Cuando pensamos que la organización de la pareja es un concierto económico y que la energía ($$) tiene que ser disciplinada para fluir, vemos que la tradición lo había resuelto muy bien: solo el hombre era productivo y solamente él, como cabeza de la familia y de la pareja, podía tomar decisiones y encaminar la energía a donde mejor le pareciese. Naturalmente los objetivos de toda la familia, sus deseos y posibilidades existenciales dependían de estas decisiones que emanaban, a falta de mejor denominación, del poder central (¡centralizador!) masculino. De este modo el conflicto y la discordia se mantenían alejados. Alguien podía (el hombre) y alguien dependía (la mujer).
Cuando la pareja moderna se ve frente a la contingencia de decidir qué rumbos debe tomar la energía ($$) percibe que la división de tareas y de responsabilidades es hoy mucho más difícil y complicada. Muchas veces el sueldo de ella es mayor que el de él y, hoy lo sabemos, la mujer es responsable por la compra de toda la familia, mucho más que el hombre.
Antiguamente la mujer recibía una cantidad y tenía que sacar de allí el sostenimiento de todos para un determinado período.
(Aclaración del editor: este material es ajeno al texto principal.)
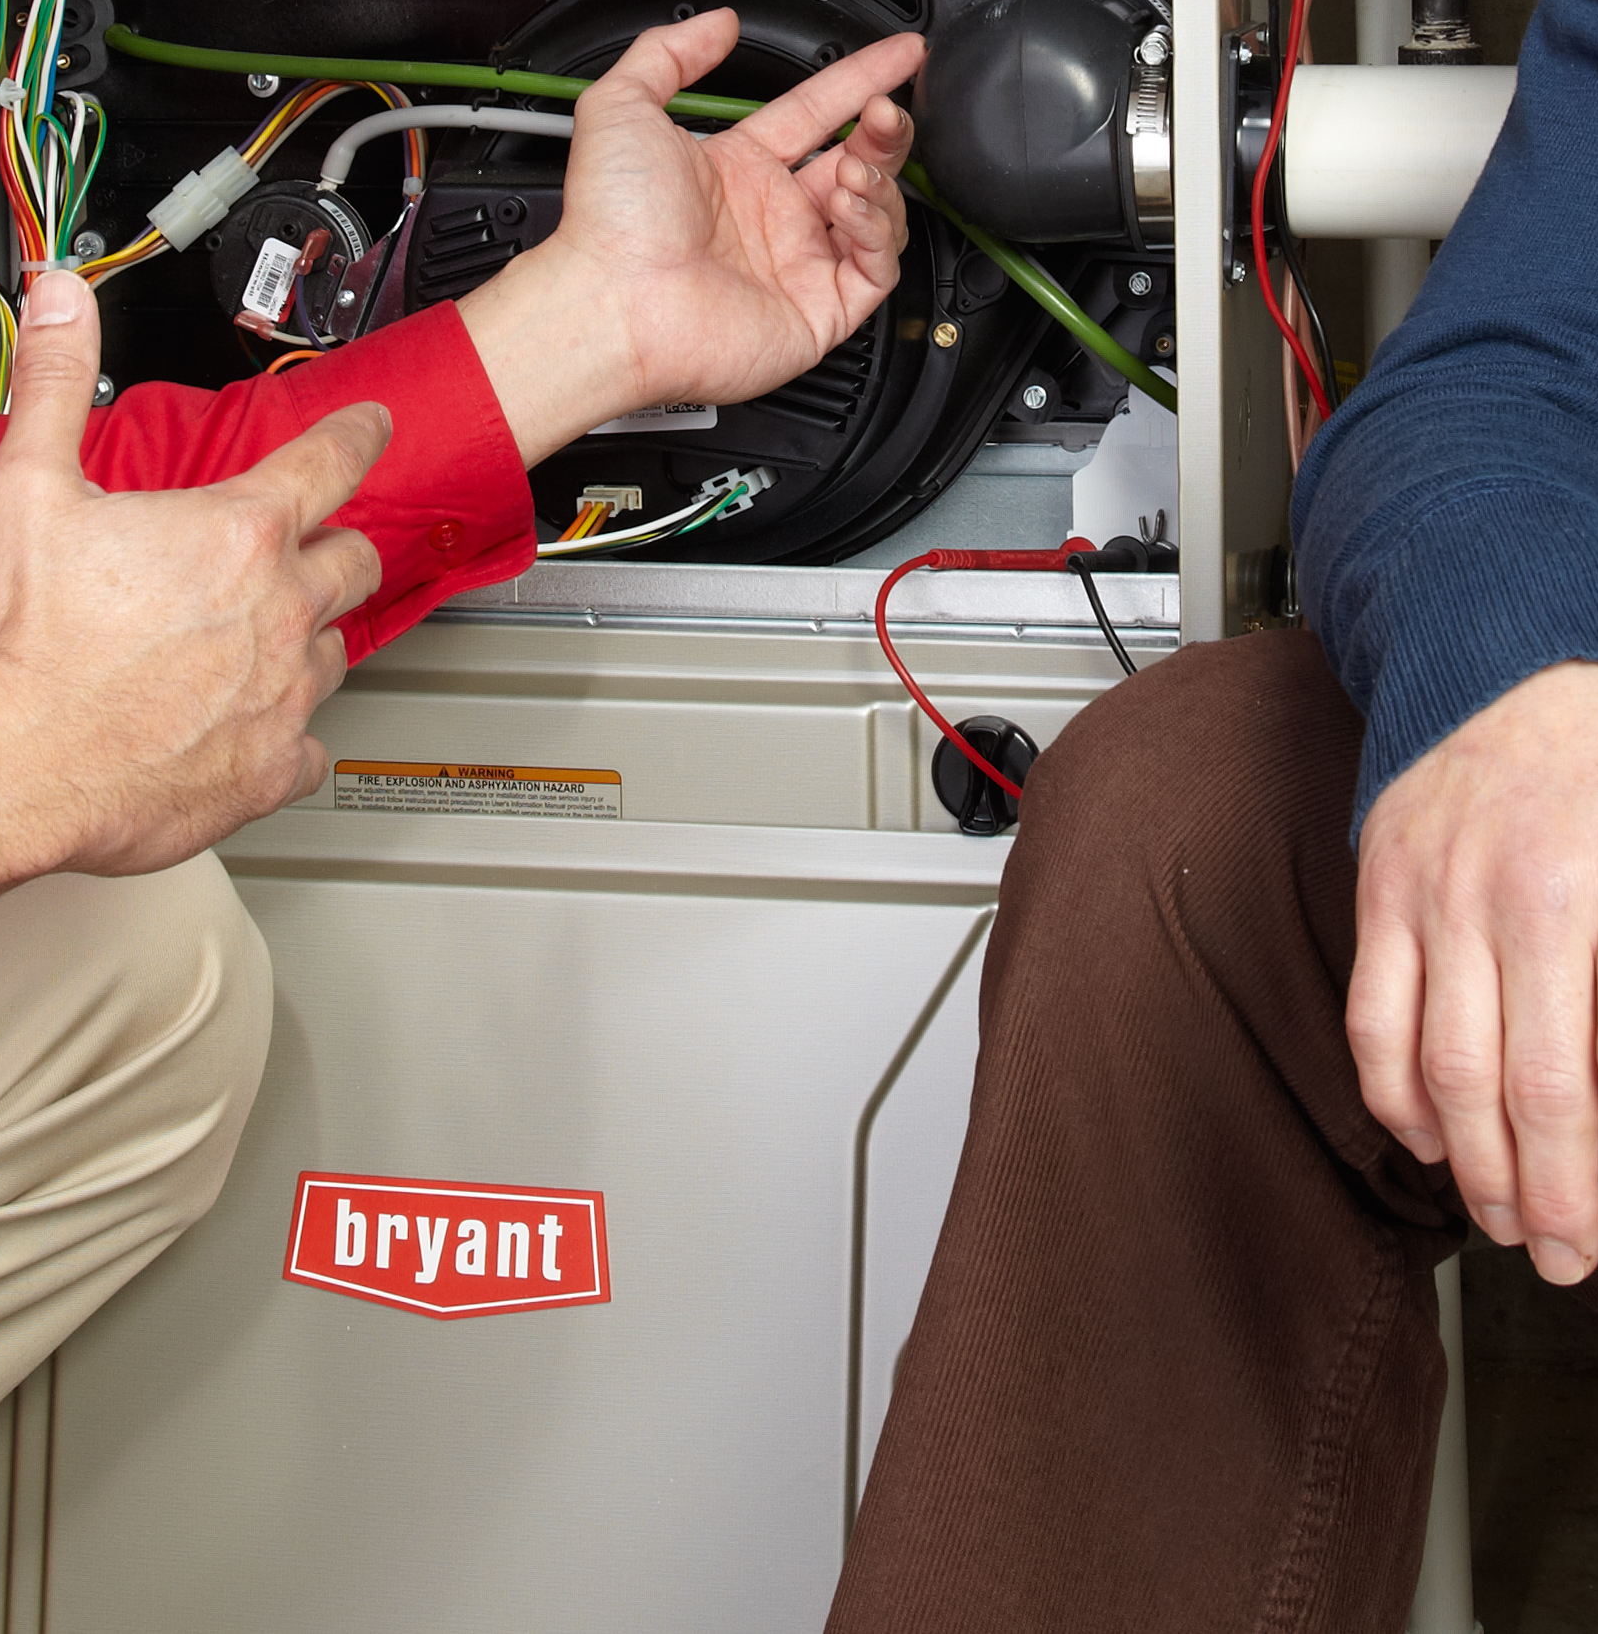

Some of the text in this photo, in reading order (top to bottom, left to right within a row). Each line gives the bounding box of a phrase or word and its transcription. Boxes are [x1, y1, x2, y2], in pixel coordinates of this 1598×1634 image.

[457, 767, 515, 779] WARNING
[358, 775, 585, 794] FIRE, EXPLOSION AND ASPHYXIATION HAZARD
[334, 1198, 564, 1284] bryant
El hombre decidía, a veces bien otras veces mal, cuál podía ser este importe. Como él no detentaba las informaciones prácticas, podía estar en una ilusión respecto de cuestiones de presupuestos y gastos, lo cual propiciaba a la mujer el poder que le había sido robado: o sea, cada cual estaba escondido en su papel y la naturaleza tenía opción para entrar y hacer suceder las cosas en un ámbito intermedio entre las especializaciones de papel de uno y de otro. Este espacio hoy ya no existe.
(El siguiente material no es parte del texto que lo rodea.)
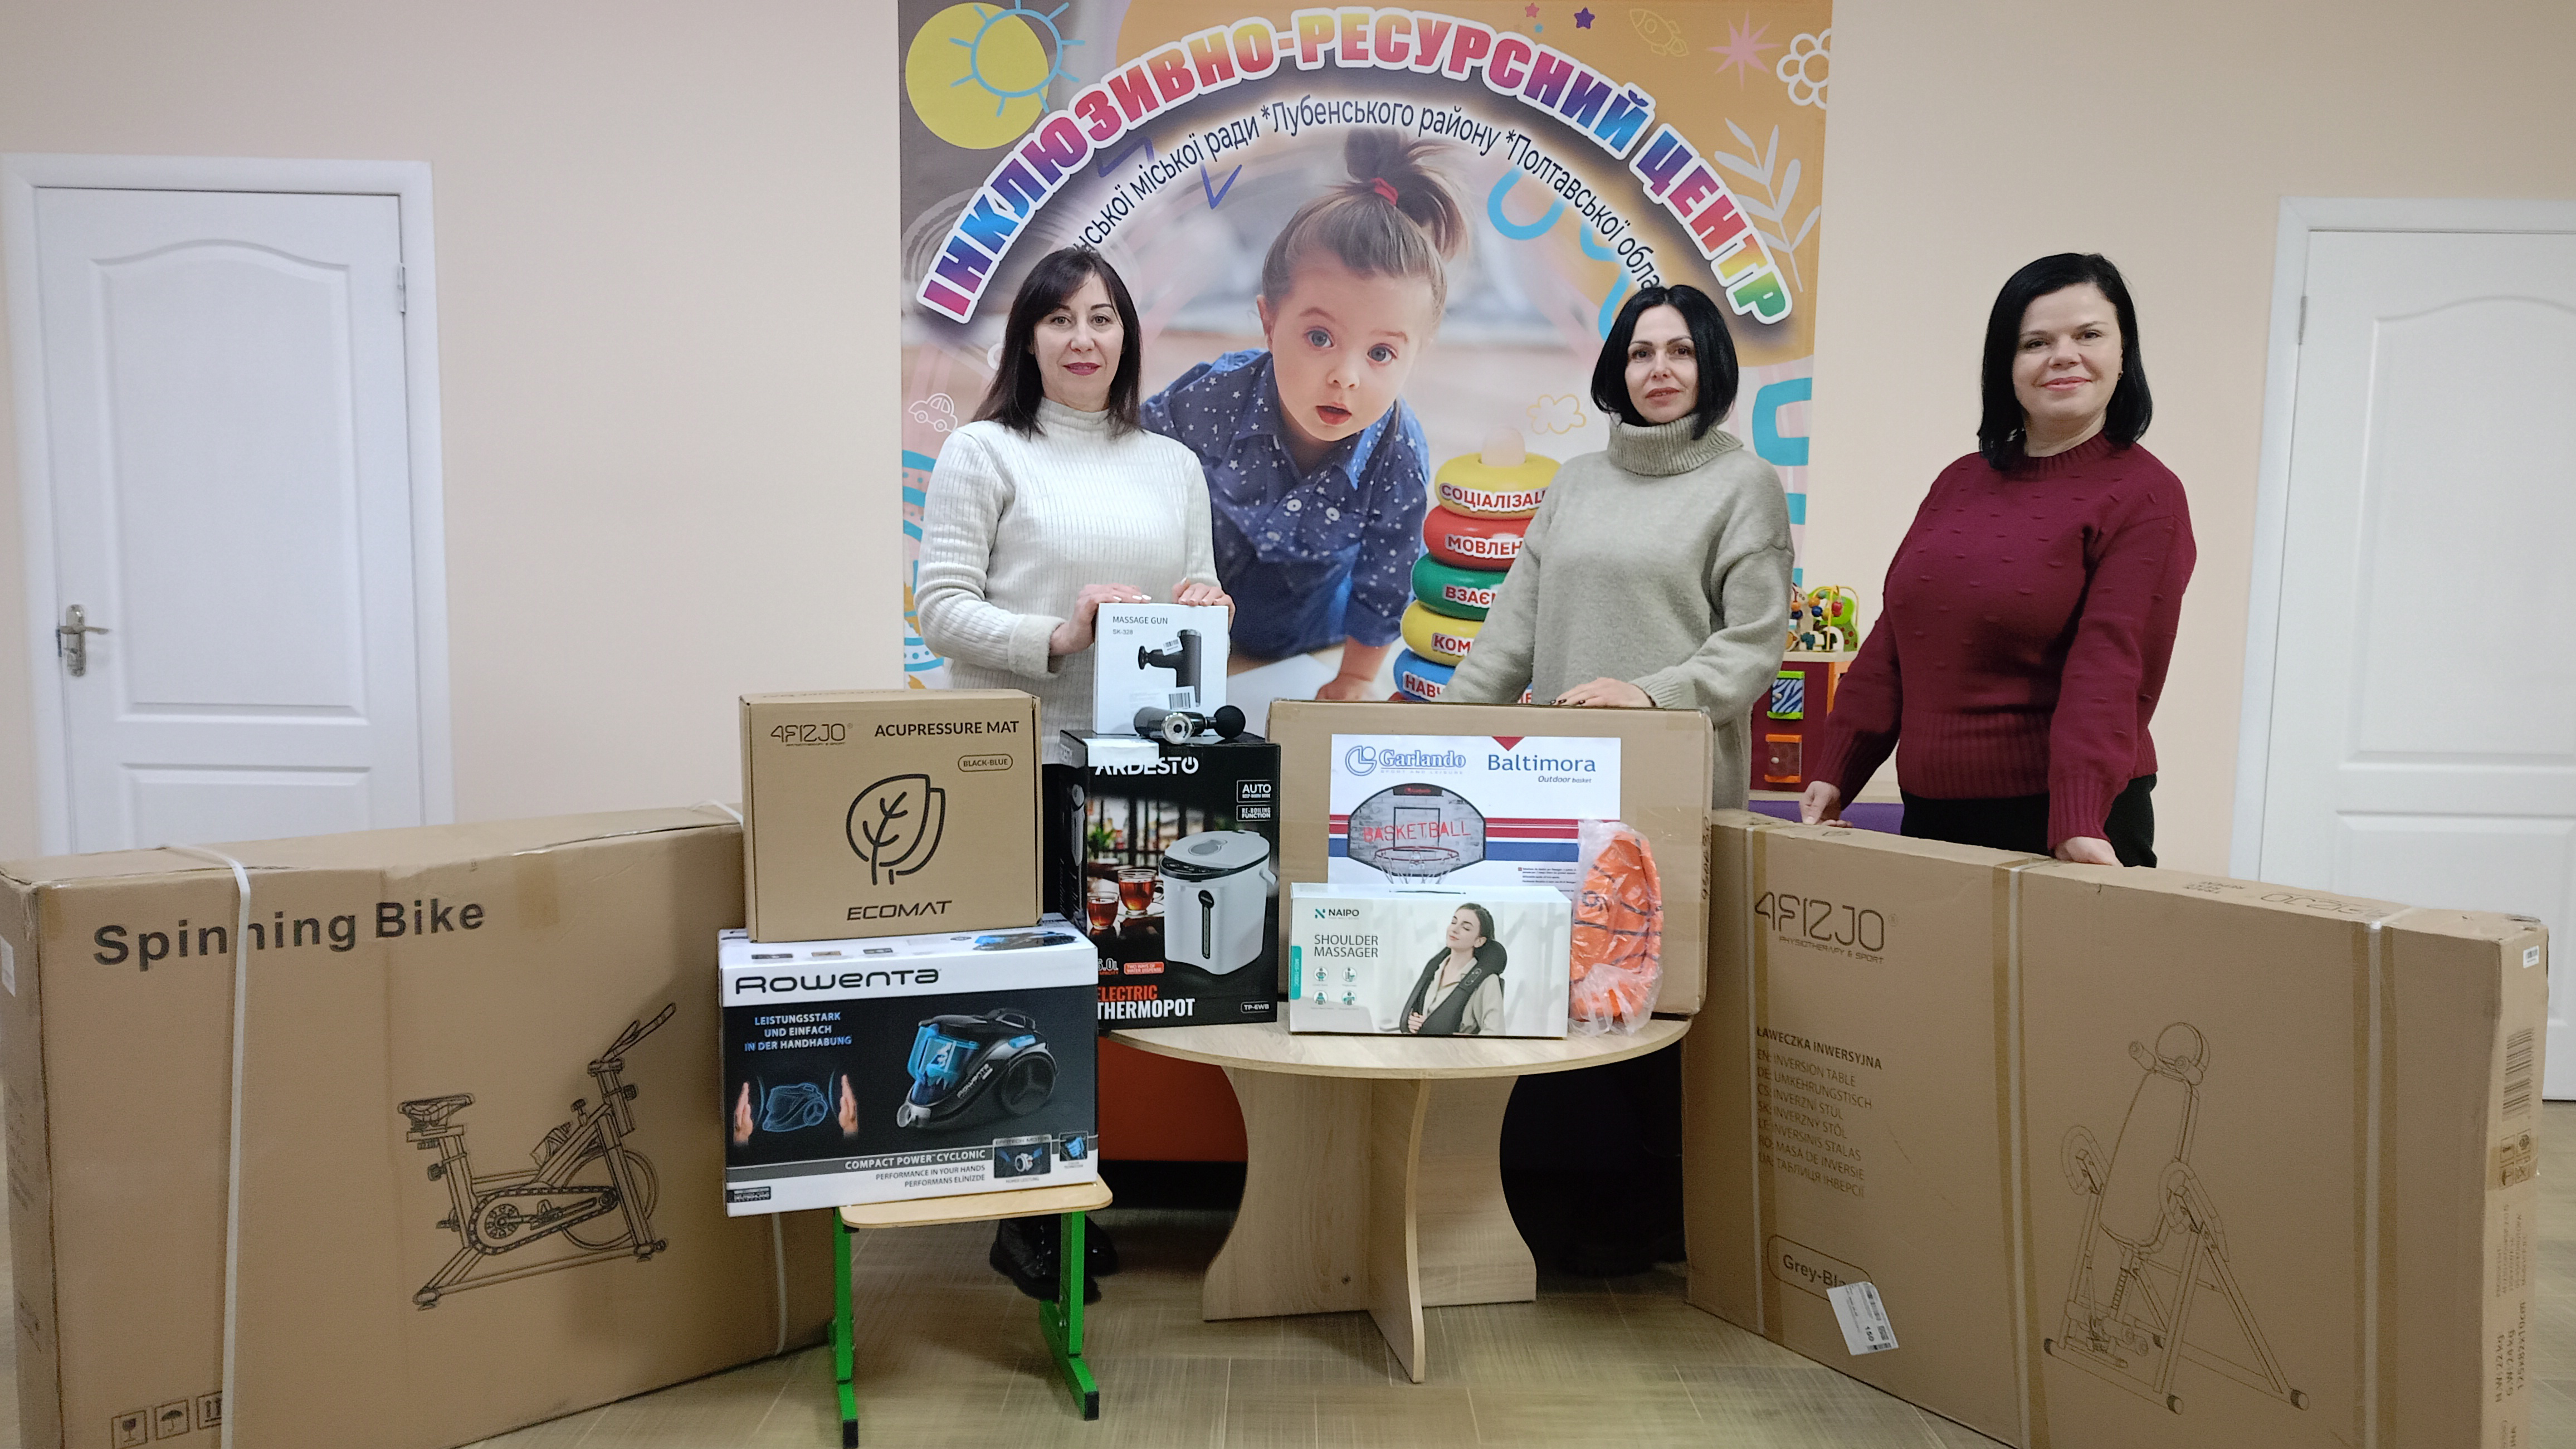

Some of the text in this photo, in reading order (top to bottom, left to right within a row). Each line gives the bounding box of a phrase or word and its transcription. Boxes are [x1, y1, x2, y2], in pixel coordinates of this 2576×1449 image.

[920, 11, 1788, 320] ІНКЛЮЗИВНО-РЕСУРСНИЙ ЦЕНТР
[1074, 188, 1135, 248] нської
[1130, 135, 1204, 201] міської
[1207, 114, 1261, 163] ради
[1418, 106, 1502, 157] району
[1616, 236, 1661, 292] обла
[1441, 484, 1546, 509] СОЦІАЛІЗАЦ
[1448, 536, 1523, 555] МОВЛЕН
[1446, 586, 1496, 606] ВЗАЄ
[1113, 616, 1168, 625] MASSAGE GUN
[1433, 634, 1471, 654] КОМ
[1405, 674, 1441, 698] НАВ
[770, 723, 846, 743] 4FIZJO
[874, 720, 1019, 737] ACUPRESSURE MAT
[963, 758, 1008, 768] BLACK-BLUE
[1379, 749, 1466, 768] Garlando
[1488, 754, 1596, 772] Baltimora
[1242, 783, 1272, 793] AUTO
[1363, 820, 1471, 843] BASKETBALL
[846, 900, 953, 921] ECOMAT
[1328, 909, 1360, 917] NAIPO
[1754, 891, 1885, 953] 4FIZJO
[92, 895, 486, 973] Spinning Bike
[1314, 934, 1379, 946] SHOULDER
[1314, 946, 1379, 958] MASSAGER
[1855, 951, 1885, 964] SPORT
[1097, 984, 1158, 1002] ELECTRIC
[754, 1012, 841, 1026] LEISTUNGSSTARK
[1096, 998, 1196, 1021] THERMOPOT
[764, 1025, 832, 1038] UND EINFACH
[744, 1035, 852, 1052] IN DER HANDHABUNG
[1813, 1041, 1882, 1070] INWERSYJNA
[1773, 1053, 1824, 1079] INVERSION
[1827, 1068, 1856, 1087] TABLE
[1774, 1070, 1872, 1110] UMKEHRUNGSTISCH
[845, 1158, 895, 1170] COMPACT
[936, 1149, 986, 1163] CYCLONIC
[1806, 1149, 1819, 1165] DE
[876, 1168, 929, 1180] PERFORMANCE
[939, 1167, 959, 1175] YOUR
[960, 1164, 985, 1173] HANDS
[904, 1177, 953, 1188] PERFORMANS
[1783, 1254, 1847, 1289] Grey-Bla
Hoy se discute la cuestión entre los dos: quién puede o debe gastar el $$ y en qué; quién tiene poder de veto; quién puede gastar consigo mismo; qué es el traicionar los compromisos conjugados y qué es andar dentro del contrato conyugal en asunto de gastos en general.
Por lo regular, la cuestión se ancora en el ámbito del deseo, como factor personal, pues cada uno de nosotros desarrolla maneras personales de lidiar con frustraciones, aplazamientos, prórrogas y cambios de última hora en los planes deseados. Variamos enormemente en cuanto a la flexibilidad en este asunto.
En una pareja hipotética Ella es muy explícita cuando se trata de deseo y de impulso. Cuando ella ya ha cerrado cuestión en torno a una decisión ancorada en un deseo Él siente como inútil cualquier intervención, pues da lugar a una disputa cierta. Está implícito que él no puede impedir nada y que le corresponde el papel secundario de aquel que corrobora una decisión en torno a la cual nada ha deliberado. Así parece que él se ha mostrado conforme y todo está bien. Siempre, claro está, que lo que ella ha decidido comprar se compre y punto. Antes ella lo consulta para tener su anuencia y su aval (no vayas a protestar después, ¿eh?). Él, bastante más mental, es capaz de lidiar con su deseo y dejar de identificarse con él o incluso aplazarlo indefinidamente (o sea, él necesita mejorar la conexión con sus propios deseos), si no la fuerte opinión de ella siempre va a imperar. Para Ella, el modo en cómo Él explicita deseo no marca ni llama la atención, ni siquiera es percibido como tal, pues ella está acostumbrada a manifestar deseo con cargas afectivas que signifiquen cuestión de vida o muerte, donde la negociación es mínima y la firmeza ha de ser máxima. Lógicamente aquel que tiene algún “juego de cintura” paga el precio de la frustración.
El problema en este ejemplo es la posibilidad de que la pareja se estabilice en una especialización de papel, fijando rígidamente las reglas del juego, lo cual ocurre siempre, al igual que en cualquier otro campo de la vida, estigmatizando a ambas partes en una contienda de poder, donde, al final, solo habrá frustrados y disgustados.
Para no necesitar adaptaciones nuevas, es preciso que repitamos y repitamos nuestros hábitos, rutinas, nuestro “conocido”, nuestro ámbito de ser ya familiar, al cual denominamos YO. Es duro reconocer que éste es tan solo nuestro nada solapado robot interiorizado, el fruto acabado de la organización y estructuración de nuestras manías, más el concurso inestimable de nuestro apego y fijación a las mismas.